FIESCHI, Giovanni Antonio
Figlio di Niccolò, consignore di Torriglia (Genova), e di Maria di Lionello Lomellino, nacque alla fine del sec. XIV o agli inizi del sec. XV da un ramo della potente famiglia ligure. Da giovane condivise le tormentate vicende del padre, impegnato a difendere il suo feudo contro l'espansionismo di Genova, di Milano e di Firenze.
Passata Genova sotto la signoria di Filippo Maria Visconti (3 nov. 1421), Niccolò fu fatto imprigionare per ordine del duca di Milano sotto l'accusa di essersi accordato con la Repubblica di Firenze ed ebbe i beni confiscati. Riacquistata la libertà, strinse effettivamente, il 15 maggio 1427, un accordo con la città toscana: riottenne i suoi castelli in seguito ad un arbitrato di N. Albergati, cardinale di S. Croce, solo dopo la firma della pace di Ferrara (iq apr. 1428). Riapertesi le ostilità, nel 1430 Niccolò, che si era nuovamente schierato con Firenze contro il duca di Milano, ebbe il feudo occupato dai Viscontei nel corso dell'offensiva scatenata in Liguria dal Piccinino, capitano generale di Filippo Maria.

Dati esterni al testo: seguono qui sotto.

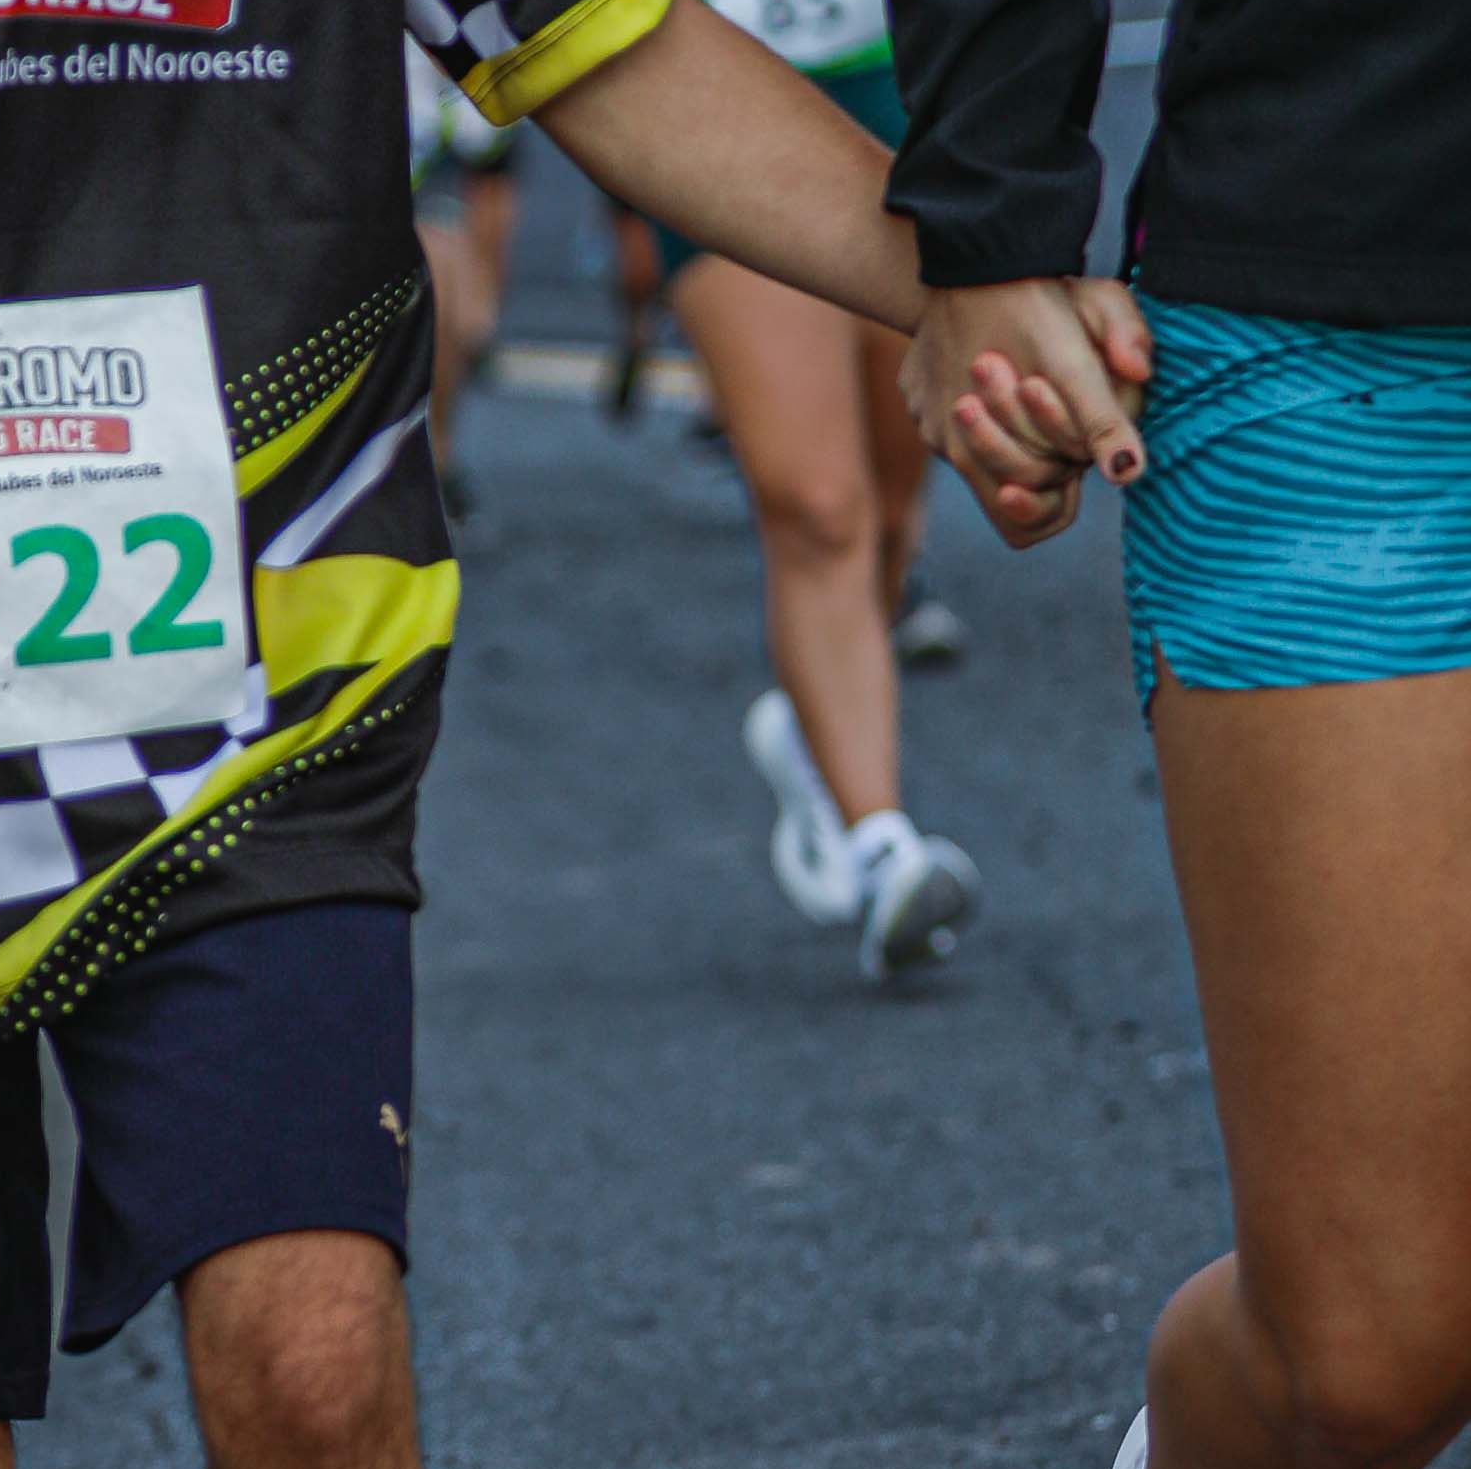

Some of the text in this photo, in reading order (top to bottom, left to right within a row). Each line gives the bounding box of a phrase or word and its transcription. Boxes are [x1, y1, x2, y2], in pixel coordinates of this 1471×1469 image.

[64, 42, 118, 82] del
[128, 42, 290, 79] Noroeste
[16, 417, 98, 453] RACE
[47, 467, 75, 488] del
[80, 460, 163, 482] Noroeste

Nel 1432 fu nuovamente arrestato e, più tardi, costretto a vendere Roccatagliata a Genova.
Nel 1430, quando Barnaba Adorno, avendo come obiettivo la liberazione della patria dal dominio visconteo, organizzò con truppe fornitegli dal marchese del Monferrato Giovanni Giacomo Paleologo e con l'appoggio di una flotta veneziano - fiorentina un colpo di mano su Genova, il F. gli promise aiuto ma poi, iniziata l'impresa, non scese in campo, per cui l'Adorno venne affrontato, sconfitto e fatto prigioniero da Niccolò Piccinino. Sempre in quell'anno, poiché Biagio Assereto (commissario della Repubblica di Genova a Portofino, centro che era stato strappato alla famiglia Fieschi) si era impadronito del locale castello e di una galera che si stava allestendo nel porticciolo di quel borgo, il F. inoltrò presso le autorità genovesi una formale e vibrata protesta, esigendo un indennizzo Per il danno subito.
Le ragioni del F. erano senza dubbio fondate. Il governo genovese si affrettò infatti a nominare, per risolvere la controversia, una commissione. Il 27 settembre essa stabilì che il F. dovesse essere indennizzato per i danni subiti: dalla somma indicata per il risarcimento dovevano tuttavia venire defalcati i denari che egli aveva in precedenza ottenuto in mutuo dalla Repubblica.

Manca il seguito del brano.